1-2 pounds of hanger steak or other lean beef
2 bottles of Harpoon cider
a pound of dry noodles or pasta
1 package of good-quality frozen mixed vegetables
butter, salt, pepper, cornstarch
Put a knob of butter in a heavy saucepan and use it to brown your meat on both sides, then cut the meat into bite-size pieces and return to the pan. Pour an entire bottle of Harpoon cider over it and set it to simmer at a low temperature. When the cider is reduced to about a fourth of its previous volume, add the second bottle of cider and keep simmering. By the time the cider and pan juices are down to about the half the volume of a bottle of cider, the beef should be fairly tender. Add salt and pepper to taste, and turn the fire way down.
Get a pot of noodles cooking. (For the record, I used Grand’Mère seven-egg spaetzle, which Patrick is fond of, but any butterable pasta will do. For that matter, so will an equivalent quantity of gnocchi, rice, or new potatoes.) Add the frozen vegetables to the beef, put a lid on it, and turn the fire up far enough for the vegetables to be cooked before the noodles are ready. Thicken the pan juices with cornstarch.
Drain the noodles and toss them with some butter. You can serve the beef and vegetables on top of the buttered noodles, or side-by-side with them, as you prefer.

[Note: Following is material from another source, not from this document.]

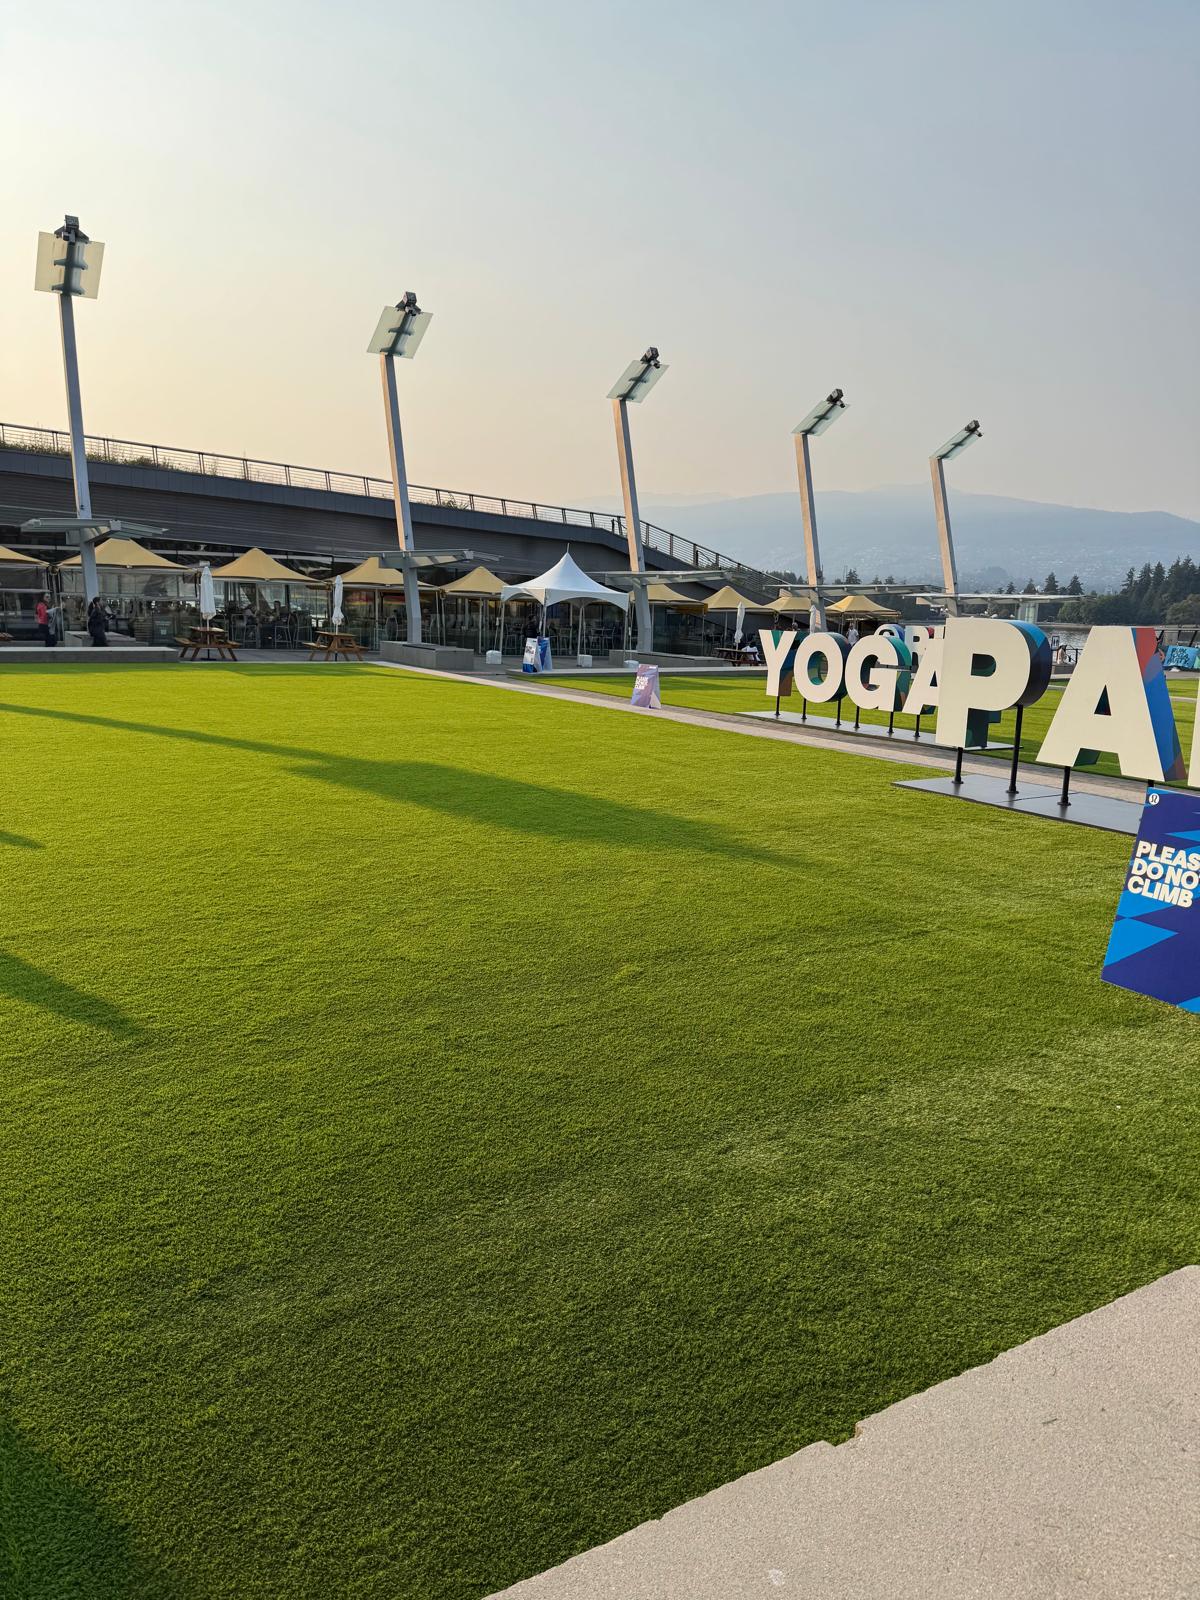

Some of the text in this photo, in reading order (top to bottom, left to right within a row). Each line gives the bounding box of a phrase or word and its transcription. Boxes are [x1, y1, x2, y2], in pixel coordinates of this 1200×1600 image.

[758, 629, 944, 715] YOGA
[935, 617, 1200, 787] PA
[1127, 875, 1194, 908] CLIMB
[1131, 857, 1200, 890] DO NO

Notes: Yes, of course you can use a different brand of cider, but Harpoon works well with this recipe. You may want to add a little chopped onion if your vegetable mix doesn’t include it. I wouldn’t put mushrooms in this, as it would blunt the effect.

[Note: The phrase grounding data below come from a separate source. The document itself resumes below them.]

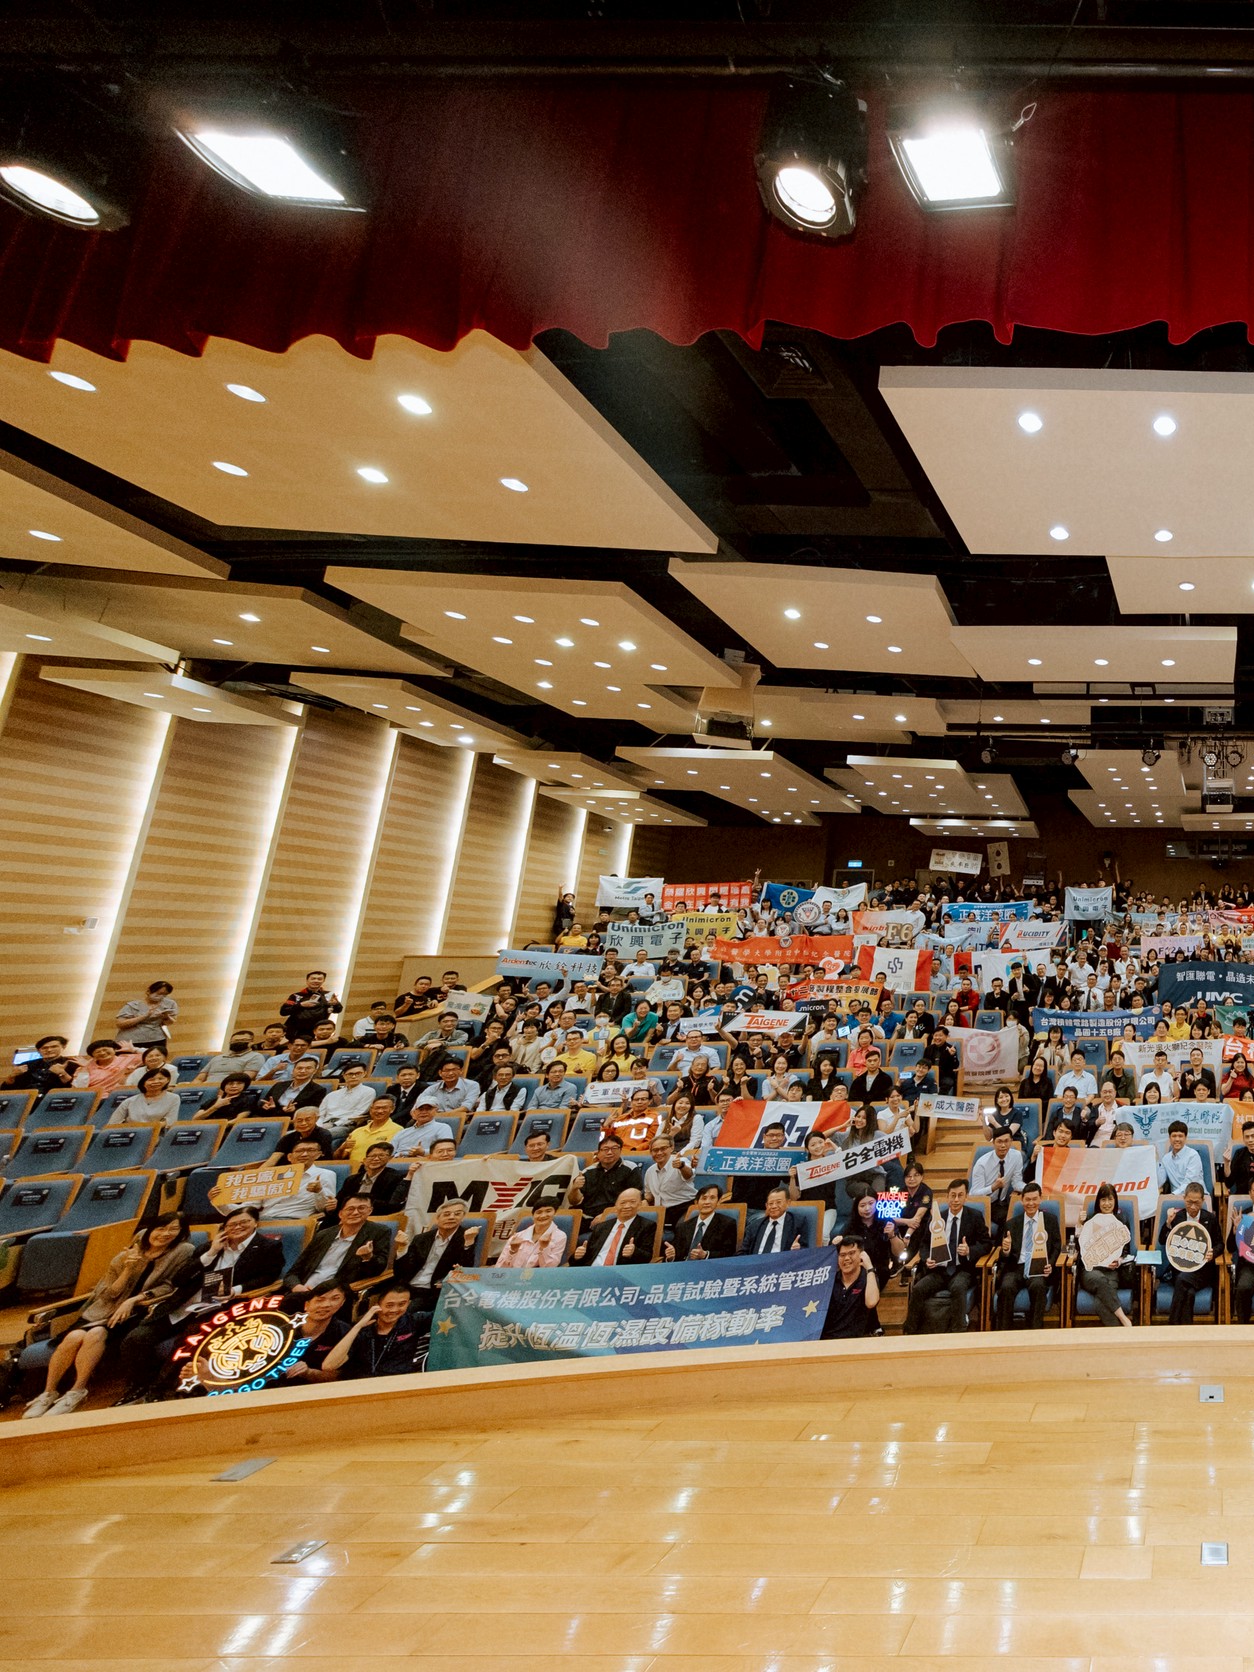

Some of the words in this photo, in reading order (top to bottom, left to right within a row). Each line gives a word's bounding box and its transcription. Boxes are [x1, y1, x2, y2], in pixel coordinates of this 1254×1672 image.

[611, 921, 685, 934] Unimicron
[609, 931, 684, 948] 欣興電子
[501, 956, 538, 966] Ardentec
[1196, 991, 1244, 1003] UMC
[799, 1004, 826, 1012] micron
[744, 1014, 790, 1030] TAIGENE
[934, 1100, 975, 1113] 成大醫院
[1181, 1108, 1224, 1125] 奇美醫院
[842, 1135, 905, 1170] 台全電機
[805, 1160, 841, 1180] TAIGENE
[427, 1174, 572, 1213] MXIC
[1062, 1176, 1151, 1195] winond
[876, 1191, 909, 1202] TAIGENE
[876, 1201, 901, 1211] GOGO
[877, 1208, 902, 1219] TIGER
[172, 1294, 285, 1362] TAIGENE
[265, 1337, 313, 1381] TIGER

Addendum: What Andrew Plotkin’s Been Cooking
(This is just to say what I did this evening:)
Swirling and churning in a pan on the fire,
A can of mango puree and a cup of sugar;
While two cups of ricotta sizzle alongside,
Perhaps in ghee, or oil, or some butter.
The two pans sit and glower, side by side;
Instructions say the ricotta should be browned
And the mango thick. I’m not convinced:
The one lacks all color, the other’s full of passion
But no consistency. Surely some burnination is at hand.

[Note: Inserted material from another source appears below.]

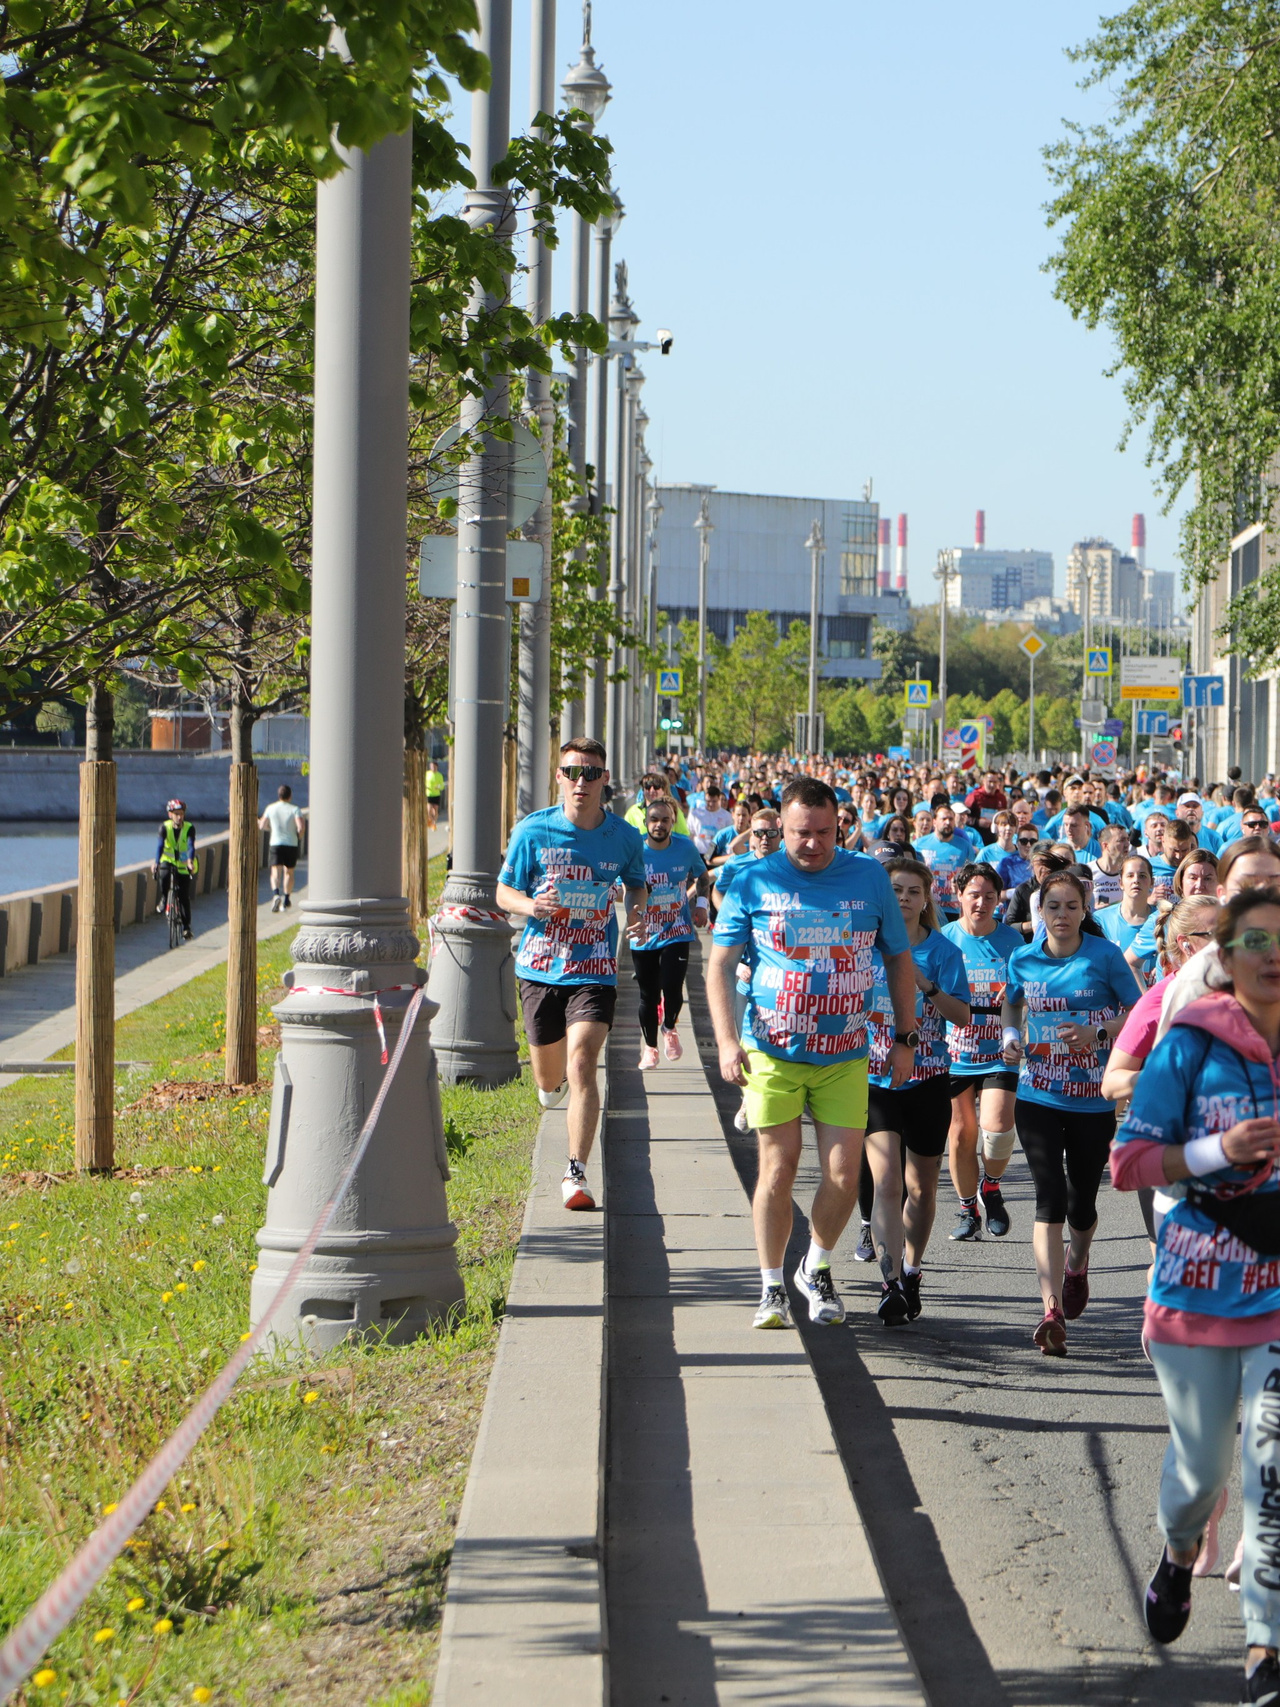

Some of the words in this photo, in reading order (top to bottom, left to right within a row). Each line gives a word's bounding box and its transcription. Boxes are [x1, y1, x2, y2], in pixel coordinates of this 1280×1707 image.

Things boil down, the saute cannot hold.
The final mixing! (I’ve run out of patience
and anyway I have to work on Monday.)
Trouble’s in sight — I took it off too soon —
Not thick enough. Back on the heat it goes.
Well, now I know. A second recipe’s at hand;
It wants farina?! I’ve got oatmeal. Shush.
Vanilla, a bit of ginger, cardamom seed
Ground to powder by a rocking pestle.
Mix, stir, thicken, turn out at last,
Mango burfi is loosed upon the world.